__WHAT THIS TASK INVOLVES__:
Output all entries below exactly as they are given.

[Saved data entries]

● ● ●

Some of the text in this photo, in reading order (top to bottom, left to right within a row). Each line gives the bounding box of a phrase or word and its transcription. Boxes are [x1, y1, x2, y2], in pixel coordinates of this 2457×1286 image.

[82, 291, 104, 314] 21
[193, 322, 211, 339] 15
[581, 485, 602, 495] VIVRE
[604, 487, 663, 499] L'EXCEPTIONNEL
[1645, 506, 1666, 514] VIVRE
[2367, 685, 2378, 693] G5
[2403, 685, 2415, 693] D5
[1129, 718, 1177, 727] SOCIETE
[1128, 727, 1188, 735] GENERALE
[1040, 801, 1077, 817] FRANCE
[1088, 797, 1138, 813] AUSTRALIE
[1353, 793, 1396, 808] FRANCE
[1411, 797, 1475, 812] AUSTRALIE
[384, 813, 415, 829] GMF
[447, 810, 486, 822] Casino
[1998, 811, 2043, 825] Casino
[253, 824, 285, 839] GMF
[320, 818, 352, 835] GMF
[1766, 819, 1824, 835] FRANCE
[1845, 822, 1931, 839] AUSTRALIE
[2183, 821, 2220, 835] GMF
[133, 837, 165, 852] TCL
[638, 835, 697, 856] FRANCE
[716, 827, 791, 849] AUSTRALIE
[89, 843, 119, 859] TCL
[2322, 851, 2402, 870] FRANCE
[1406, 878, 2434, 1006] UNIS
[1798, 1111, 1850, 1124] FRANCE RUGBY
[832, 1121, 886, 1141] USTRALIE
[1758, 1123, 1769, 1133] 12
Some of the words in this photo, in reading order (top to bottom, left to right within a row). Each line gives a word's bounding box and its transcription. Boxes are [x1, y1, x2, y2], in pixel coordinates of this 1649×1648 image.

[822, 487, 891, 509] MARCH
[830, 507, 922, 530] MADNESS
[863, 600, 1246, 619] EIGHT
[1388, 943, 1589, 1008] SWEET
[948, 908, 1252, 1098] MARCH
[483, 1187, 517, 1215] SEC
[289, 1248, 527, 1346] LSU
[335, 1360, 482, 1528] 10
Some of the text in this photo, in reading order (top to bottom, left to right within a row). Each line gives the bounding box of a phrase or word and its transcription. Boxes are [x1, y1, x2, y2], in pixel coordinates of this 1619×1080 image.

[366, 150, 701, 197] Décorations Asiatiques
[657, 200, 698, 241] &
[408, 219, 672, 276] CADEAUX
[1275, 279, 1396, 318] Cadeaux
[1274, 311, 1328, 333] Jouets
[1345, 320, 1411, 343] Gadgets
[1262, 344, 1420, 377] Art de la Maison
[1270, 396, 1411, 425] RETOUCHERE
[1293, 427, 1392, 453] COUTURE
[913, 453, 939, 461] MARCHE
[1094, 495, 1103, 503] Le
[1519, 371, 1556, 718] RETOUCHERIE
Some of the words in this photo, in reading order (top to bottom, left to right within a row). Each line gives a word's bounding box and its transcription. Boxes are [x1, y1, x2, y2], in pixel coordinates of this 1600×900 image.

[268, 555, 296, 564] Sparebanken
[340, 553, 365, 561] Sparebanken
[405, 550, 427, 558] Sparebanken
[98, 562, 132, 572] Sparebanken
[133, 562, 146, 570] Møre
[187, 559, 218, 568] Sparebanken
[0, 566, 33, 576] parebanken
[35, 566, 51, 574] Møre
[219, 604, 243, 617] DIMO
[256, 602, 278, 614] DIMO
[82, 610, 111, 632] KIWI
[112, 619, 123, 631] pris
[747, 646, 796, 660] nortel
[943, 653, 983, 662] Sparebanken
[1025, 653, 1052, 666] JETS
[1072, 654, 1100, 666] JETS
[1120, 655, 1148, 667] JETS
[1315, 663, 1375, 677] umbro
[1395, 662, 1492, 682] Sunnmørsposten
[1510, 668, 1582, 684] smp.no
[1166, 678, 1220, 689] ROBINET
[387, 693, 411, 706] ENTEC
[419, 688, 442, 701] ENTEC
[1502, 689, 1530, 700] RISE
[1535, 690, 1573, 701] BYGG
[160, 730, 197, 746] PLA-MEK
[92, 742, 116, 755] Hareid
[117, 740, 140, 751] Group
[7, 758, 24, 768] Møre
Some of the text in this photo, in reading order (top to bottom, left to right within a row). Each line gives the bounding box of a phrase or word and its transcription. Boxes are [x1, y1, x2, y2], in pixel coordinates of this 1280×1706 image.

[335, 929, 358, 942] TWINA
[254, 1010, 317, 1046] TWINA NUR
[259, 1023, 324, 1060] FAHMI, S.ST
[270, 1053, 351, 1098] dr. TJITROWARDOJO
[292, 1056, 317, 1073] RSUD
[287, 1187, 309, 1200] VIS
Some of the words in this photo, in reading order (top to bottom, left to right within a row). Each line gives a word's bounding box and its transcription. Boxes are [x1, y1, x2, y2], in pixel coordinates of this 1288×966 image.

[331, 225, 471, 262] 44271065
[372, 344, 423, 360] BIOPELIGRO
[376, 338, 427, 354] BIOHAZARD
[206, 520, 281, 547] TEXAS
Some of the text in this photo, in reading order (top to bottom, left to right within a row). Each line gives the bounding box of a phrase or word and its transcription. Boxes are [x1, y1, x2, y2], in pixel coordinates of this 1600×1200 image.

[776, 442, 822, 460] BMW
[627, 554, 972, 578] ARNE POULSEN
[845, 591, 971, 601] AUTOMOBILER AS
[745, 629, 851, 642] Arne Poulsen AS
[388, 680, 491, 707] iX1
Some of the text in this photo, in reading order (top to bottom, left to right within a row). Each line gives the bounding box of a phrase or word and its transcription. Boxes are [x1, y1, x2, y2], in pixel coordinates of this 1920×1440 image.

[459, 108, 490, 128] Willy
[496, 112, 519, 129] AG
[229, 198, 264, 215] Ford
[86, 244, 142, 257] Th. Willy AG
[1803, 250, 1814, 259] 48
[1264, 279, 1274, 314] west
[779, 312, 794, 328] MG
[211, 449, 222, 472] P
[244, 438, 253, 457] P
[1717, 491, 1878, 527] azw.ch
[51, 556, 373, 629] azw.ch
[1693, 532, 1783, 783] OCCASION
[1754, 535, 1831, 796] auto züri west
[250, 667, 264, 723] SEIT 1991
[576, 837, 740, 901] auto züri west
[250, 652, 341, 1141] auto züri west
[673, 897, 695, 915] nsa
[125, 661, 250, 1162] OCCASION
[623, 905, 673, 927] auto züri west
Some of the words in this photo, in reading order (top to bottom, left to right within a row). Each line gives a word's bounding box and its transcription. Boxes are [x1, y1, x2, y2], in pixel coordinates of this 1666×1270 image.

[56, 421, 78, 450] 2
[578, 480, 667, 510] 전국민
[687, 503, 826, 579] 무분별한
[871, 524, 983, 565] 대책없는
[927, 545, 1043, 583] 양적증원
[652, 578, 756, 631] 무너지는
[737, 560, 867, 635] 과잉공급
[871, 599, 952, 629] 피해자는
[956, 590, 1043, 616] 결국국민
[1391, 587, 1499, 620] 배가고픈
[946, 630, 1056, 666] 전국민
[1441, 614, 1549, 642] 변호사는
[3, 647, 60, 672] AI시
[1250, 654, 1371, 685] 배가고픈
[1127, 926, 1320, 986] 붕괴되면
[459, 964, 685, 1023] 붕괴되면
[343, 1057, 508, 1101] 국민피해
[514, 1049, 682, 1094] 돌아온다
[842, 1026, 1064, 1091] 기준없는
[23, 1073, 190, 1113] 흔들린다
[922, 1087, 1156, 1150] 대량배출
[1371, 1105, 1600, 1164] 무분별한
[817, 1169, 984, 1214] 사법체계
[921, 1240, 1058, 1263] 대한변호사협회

● ● ●

__ANSWER TO THE PROBLEM__:
Some of the text in this photo, in reading order (top to bottom, left to right within a row). Each line gives the bounding box of a phrase or word and its transcription. Boxes are [x1, y1, x2, y2], in pixel coordinates of this 2457×1286 image.

[82, 291, 104, 314] 21
[193, 322, 211, 339] 15
[581, 485, 602, 495] VIVRE
[604, 487, 663, 499] L'EXCEPTIONNEL
[1645, 506, 1666, 514] VIVRE
[2367, 685, 2378, 693] G5
[2403, 685, 2415, 693] D5
[1129, 718, 1177, 727] SOCIETE
[1128, 727, 1188, 735] GENERALE
[1040, 801, 1077, 817] FRANCE
[1088, 797, 1138, 813] AUSTRALIE
[1353, 793, 1396, 808] FRANCE
[1411, 797, 1475, 812] AUSTRALIE
[384, 813, 415, 829] GMF
[447, 810, 486, 822] Casino
[1998, 811, 2043, 825] Casino
[253, 824, 285, 839] GMF
[320, 818, 352, 835] GMF
[1766, 819, 1824, 835] FRANCE
[1845, 822, 1931, 839] AUSTRALIE
[2183, 821, 2220, 835] GMF
[133, 837, 165, 852] TCL
[638, 835, 697, 856] FRANCE
[716, 827, 791, 849] AUSTRALIE
[89, 843, 119, 859] TCL
[2322, 851, 2402, 870] FRANCE
[1406, 878, 2434, 1006] UNIS
[1798, 1111, 1850, 1124] FRANCE RUGBY
[832, 1121, 886, 1141] USTRALIE
[1758, 1123, 1769, 1133] 12
Some of the words in this photo, in reading order (top to bottom, left to right within a row). Each line gives a word's bounding box and its transcription. Boxes are [x1, y1, x2, y2], in pixel coordinates of this 1649×1648 image.

[822, 487, 891, 509] MARCH
[830, 507, 922, 530] MADNESS
[863, 600, 1246, 619] EIGHT
[1388, 943, 1589, 1008] SWEET
[948, 908, 1252, 1098] MARCH
[483, 1187, 517, 1215] SEC
[289, 1248, 527, 1346] LSU
[335, 1360, 482, 1528] 10
Some of the text in this photo, in reading order (top to bottom, left to right within a row). Each line gives the bounding box of a phrase or word and its transcription. Boxes are [x1, y1, x2, y2], in pixel coordinates of this 1619×1080 image.

[366, 150, 701, 197] Décorations Asiatiques
[657, 200, 698, 241] &
[408, 219, 672, 276] CADEAUX
[1275, 279, 1396, 318] Cadeaux
[1274, 311, 1328, 333] Jouets
[1345, 320, 1411, 343] Gadgets
[1262, 344, 1420, 377] Art de la Maison
[1270, 396, 1411, 425] RETOUCHERE
[1293, 427, 1392, 453] COUTURE
[913, 453, 939, 461] MARCHE
[1094, 495, 1103, 503] Le
[1519, 371, 1556, 718] RETOUCHERIE
Some of the words in this photo, in reading order (top to bottom, left to right within a row). Each line gives a word's bounding box and its transcription. Boxes are [x1, y1, x2, y2], in pixel coordinates of this 1600×900 image.

[268, 555, 296, 564] Sparebanken
[340, 553, 365, 561] Sparebanken
[405, 550, 427, 558] Sparebanken
[98, 562, 132, 572] Sparebanken
[133, 562, 146, 570] Møre
[187, 559, 218, 568] Sparebanken
[0, 566, 33, 576] parebanken
[35, 566, 51, 574] Møre
[219, 604, 243, 617] DIMO
[256, 602, 278, 614] DIMO
[82, 610, 111, 632] KIWI
[112, 619, 123, 631] pris
[747, 646, 796, 660] nortel
[943, 653, 983, 662] Sparebanken
[1025, 653, 1052, 666] JETS
[1072, 654, 1100, 666] JETS
[1120, 655, 1148, 667] JETS
[1315, 663, 1375, 677] umbro
[1395, 662, 1492, 682] Sunnmørsposten
[1510, 668, 1582, 684] smp.no
[1166, 678, 1220, 689] ROBINET
[387, 693, 411, 706] ENTEC
[419, 688, 442, 701] ENTEC
[1502, 689, 1530, 700] RISE
[1535, 690, 1573, 701] BYGG
[160, 730, 197, 746] PLA-MEK
[92, 742, 116, 755] Hareid
[117, 740, 140, 751] Group
[7, 758, 24, 768] Møre
Some of the text in this photo, in reading order (top to bottom, left to right within a row). Each line gives the bounding box of a phrase or word and its transcription. Boxes are [x1, y1, x2, y2], in pixel coordinates of this 1280×1706 image.

[335, 929, 358, 942] TWINA
[254, 1010, 317, 1046] TWINA NUR
[259, 1023, 324, 1060] FAHMI, S.ST
[270, 1053, 351, 1098] dr. TJITROWARDOJO
[292, 1056, 317, 1073] RSUD
[287, 1187, 309, 1200] VIS
Some of the words in this photo, in reading order (top to bottom, left to right within a row). Each line gives a word's bounding box and its transcription. Boxes are [x1, y1, x2, y2], in pixel coordinates of this 1288×966 image.

[331, 225, 471, 262] 44271065
[372, 344, 423, 360] BIOPELIGRO
[376, 338, 427, 354] BIOHAZARD
[206, 520, 281, 547] TEXAS
Some of the text in this photo, in reading order (top to bottom, left to right within a row). Each line gives the bounding box of a phrase or word and its transcription. Boxes are [x1, y1, x2, y2], in pixel coordinates of this 1600×1200 image.

[776, 442, 822, 460] BMW
[627, 554, 972, 578] ARNE POULSEN
[845, 591, 971, 601] AUTOMOBILER AS
[745, 629, 851, 642] Arne Poulsen AS
[388, 680, 491, 707] iX1
Some of the text in this photo, in reading order (top to bottom, left to right within a row). Each line gives the bounding box of a phrase or word and its transcription. Boxes are [x1, y1, x2, y2], in pixel coordinates of this 1920×1440 image.

[459, 108, 490, 128] Willy
[496, 112, 519, 129] AG
[229, 198, 264, 215] Ford
[86, 244, 142, 257] Th. Willy AG
[1803, 250, 1814, 259] 48
[1264, 279, 1274, 314] west
[779, 312, 794, 328] MG
[211, 449, 222, 472] P
[244, 438, 253, 457] P
[1717, 491, 1878, 527] azw.ch
[51, 556, 373, 629] azw.ch
[1693, 532, 1783, 783] OCCASION
[1754, 535, 1831, 796] auto züri west
[250, 667, 264, 723] SEIT 1991
[576, 837, 740, 901] auto züri west
[250, 652, 341, 1141] auto züri west
[673, 897, 695, 915] nsa
[125, 661, 250, 1162] OCCASION
[623, 905, 673, 927] auto züri west
Some of the words in this photo, in reading order (top to bottom, left to right within a row). Each line gives a word's bounding box and its transcription. Boxes are [x1, y1, x2, y2], in pixel coordinates of this 1666×1270 image.

[56, 421, 78, 450] 2
[578, 480, 667, 510] 전국민
[687, 503, 826, 579] 무분별한
[871, 524, 983, 565] 대책없는
[927, 545, 1043, 583] 양적증원
[652, 578, 756, 631] 무너지는
[737, 560, 867, 635] 과잉공급
[871, 599, 952, 629] 피해자는
[956, 590, 1043, 616] 결국국민
[1391, 587, 1499, 620] 배가고픈
[946, 630, 1056, 666] 전국민
[1441, 614, 1549, 642] 변호사는
[3, 647, 60, 672] AI시
[1250, 654, 1371, 685] 배가고픈
[1127, 926, 1320, 986] 붕괴되면
[459, 964, 685, 1023] 붕괴되면
[343, 1057, 508, 1101] 국민피해
[514, 1049, 682, 1094] 돌아온다
[842, 1026, 1064, 1091] 기준없는
[23, 1073, 190, 1113] 흔들린다
[922, 1087, 1156, 1150] 대량배출
[1371, 1105, 1600, 1164] 무분별한
[817, 1169, 984, 1214] 사법체계
[921, 1240, 1058, 1263] 대한변호사협회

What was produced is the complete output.